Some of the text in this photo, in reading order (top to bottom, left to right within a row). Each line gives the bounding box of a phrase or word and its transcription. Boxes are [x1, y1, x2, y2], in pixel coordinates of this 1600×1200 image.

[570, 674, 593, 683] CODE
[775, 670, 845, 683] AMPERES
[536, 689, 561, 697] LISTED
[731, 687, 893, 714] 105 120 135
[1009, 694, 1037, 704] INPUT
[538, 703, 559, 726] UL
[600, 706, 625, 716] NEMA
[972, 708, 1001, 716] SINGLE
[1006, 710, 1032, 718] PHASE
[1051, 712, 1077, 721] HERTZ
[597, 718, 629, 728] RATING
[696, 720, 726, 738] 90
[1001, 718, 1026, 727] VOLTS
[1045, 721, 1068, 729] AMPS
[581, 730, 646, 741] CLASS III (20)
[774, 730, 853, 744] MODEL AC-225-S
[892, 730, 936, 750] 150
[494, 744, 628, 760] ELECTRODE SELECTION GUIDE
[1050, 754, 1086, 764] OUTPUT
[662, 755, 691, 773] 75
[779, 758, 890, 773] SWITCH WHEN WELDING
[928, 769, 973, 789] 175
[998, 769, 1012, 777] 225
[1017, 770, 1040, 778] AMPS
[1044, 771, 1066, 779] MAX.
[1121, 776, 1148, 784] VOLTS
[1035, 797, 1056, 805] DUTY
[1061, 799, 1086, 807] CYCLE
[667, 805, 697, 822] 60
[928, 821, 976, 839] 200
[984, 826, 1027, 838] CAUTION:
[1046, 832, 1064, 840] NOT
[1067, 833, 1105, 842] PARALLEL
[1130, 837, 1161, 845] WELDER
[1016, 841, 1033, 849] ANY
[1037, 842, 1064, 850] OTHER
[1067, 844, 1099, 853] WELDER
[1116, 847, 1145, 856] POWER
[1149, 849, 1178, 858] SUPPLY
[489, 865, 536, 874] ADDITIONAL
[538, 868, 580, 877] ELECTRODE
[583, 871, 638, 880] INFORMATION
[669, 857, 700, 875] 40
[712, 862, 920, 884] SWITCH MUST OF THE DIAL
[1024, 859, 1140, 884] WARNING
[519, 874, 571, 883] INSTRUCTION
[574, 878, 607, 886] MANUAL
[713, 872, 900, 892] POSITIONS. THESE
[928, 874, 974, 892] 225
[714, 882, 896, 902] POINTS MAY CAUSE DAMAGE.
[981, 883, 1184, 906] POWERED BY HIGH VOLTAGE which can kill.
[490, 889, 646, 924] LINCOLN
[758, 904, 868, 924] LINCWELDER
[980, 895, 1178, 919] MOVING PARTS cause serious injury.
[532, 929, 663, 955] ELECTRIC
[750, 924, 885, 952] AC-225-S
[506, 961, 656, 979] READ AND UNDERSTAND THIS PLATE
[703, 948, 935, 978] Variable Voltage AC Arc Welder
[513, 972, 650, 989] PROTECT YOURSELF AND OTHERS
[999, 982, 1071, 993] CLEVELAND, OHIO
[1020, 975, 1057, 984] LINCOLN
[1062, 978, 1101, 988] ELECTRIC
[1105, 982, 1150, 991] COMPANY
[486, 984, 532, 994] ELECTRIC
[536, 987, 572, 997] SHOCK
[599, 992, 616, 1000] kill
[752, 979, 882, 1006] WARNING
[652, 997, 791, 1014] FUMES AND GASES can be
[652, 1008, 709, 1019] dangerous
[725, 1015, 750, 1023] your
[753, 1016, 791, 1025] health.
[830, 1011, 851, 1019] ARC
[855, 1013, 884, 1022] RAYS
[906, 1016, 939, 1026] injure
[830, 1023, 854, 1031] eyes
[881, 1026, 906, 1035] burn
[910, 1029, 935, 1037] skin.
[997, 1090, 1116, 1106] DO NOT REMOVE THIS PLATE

### Task requirements
The answer should be an exact reproduction of all the entries.

### Answer to this exercise
Some of the text in this photo, in reading order (top to bottom, left to right within a row). Each line gives the bounding box of a phrase or word and its transcription. Boxes are [x1, y1, x2, y2], in pixel coordinates of this 1600×1200 image.

[570, 674, 593, 683] CODE
[775, 670, 845, 683] AMPERES
[536, 689, 561, 697] LISTED
[731, 687, 893, 714] 105 120 135
[1009, 694, 1037, 704] INPUT
[538, 703, 559, 726] UL
[600, 706, 625, 716] NEMA
[972, 708, 1001, 716] SINGLE
[1006, 710, 1032, 718] PHASE
[1051, 712, 1077, 721] HERTZ
[597, 718, 629, 728] RATING
[696, 720, 726, 738] 90
[1001, 718, 1026, 727] VOLTS
[1045, 721, 1068, 729] AMPS
[581, 730, 646, 741] CLASS III (20)
[774, 730, 853, 744] MODEL AC-225-S
[892, 730, 936, 750] 150
[494, 744, 628, 760] ELECTRODE SELECTION GUIDE
[1050, 754, 1086, 764] OUTPUT
[662, 755, 691, 773] 75
[779, 758, 890, 773] SWITCH WHEN WELDING
[928, 769, 973, 789] 175
[998, 769, 1012, 777] 225
[1017, 770, 1040, 778] AMPS
[1044, 771, 1066, 779] MAX.
[1121, 776, 1148, 784] VOLTS
[1035, 797, 1056, 805] DUTY
[1061, 799, 1086, 807] CYCLE
[667, 805, 697, 822] 60
[928, 821, 976, 839] 200
[984, 826, 1027, 838] CAUTION:
[1046, 832, 1064, 840] NOT
[1067, 833, 1105, 842] PARALLEL
[1130, 837, 1161, 845] WELDER
[1016, 841, 1033, 849] ANY
[1037, 842, 1064, 850] OTHER
[1067, 844, 1099, 853] WELDER
[1116, 847, 1145, 856] POWER
[1149, 849, 1178, 858] SUPPLY
[489, 865, 536, 874] ADDITIONAL
[538, 868, 580, 877] ELECTRODE
[583, 871, 638, 880] INFORMATION
[669, 857, 700, 875] 40
[712, 862, 920, 884] SWITCH MUST OF THE DIAL
[1024, 859, 1140, 884] WARNING
[519, 874, 571, 883] INSTRUCTION
[574, 878, 607, 886] MANUAL
[713, 872, 900, 892] POSITIONS. THESE
[928, 874, 974, 892] 225
[714, 882, 896, 902] POINTS MAY CAUSE DAMAGE.
[981, 883, 1184, 906] POWERED BY HIGH VOLTAGE which can kill.
[490, 889, 646, 924] LINCOLN
[758, 904, 868, 924] LINCWELDER
[980, 895, 1178, 919] MOVING PARTS cause serious injury.
[532, 929, 663, 955] ELECTRIC
[750, 924, 885, 952] AC-225-S
[506, 961, 656, 979] READ AND UNDERSTAND THIS PLATE
[703, 948, 935, 978] Variable Voltage AC Arc Welder
[513, 972, 650, 989] PROTECT YOURSELF AND OTHERS
[999, 982, 1071, 993] CLEVELAND, OHIO
[1020, 975, 1057, 984] LINCOLN
[1062, 978, 1101, 988] ELECTRIC
[1105, 982, 1150, 991] COMPANY
[486, 984, 532, 994] ELECTRIC
[536, 987, 572, 997] SHOCK
[599, 992, 616, 1000] kill
[752, 979, 882, 1006] WARNING
[652, 997, 791, 1014] FUMES AND GASES can be
[652, 1008, 709, 1019] dangerous
[725, 1015, 750, 1023] your
[753, 1016, 791, 1025] health.
[830, 1011, 851, 1019] ARC
[855, 1013, 884, 1022] RAYS
[906, 1016, 939, 1026] injure
[830, 1023, 854, 1031] eyes
[881, 1026, 906, 1035] burn
[910, 1029, 935, 1037] skin.
[997, 1090, 1116, 1106] DO NOT REMOVE THIS PLATE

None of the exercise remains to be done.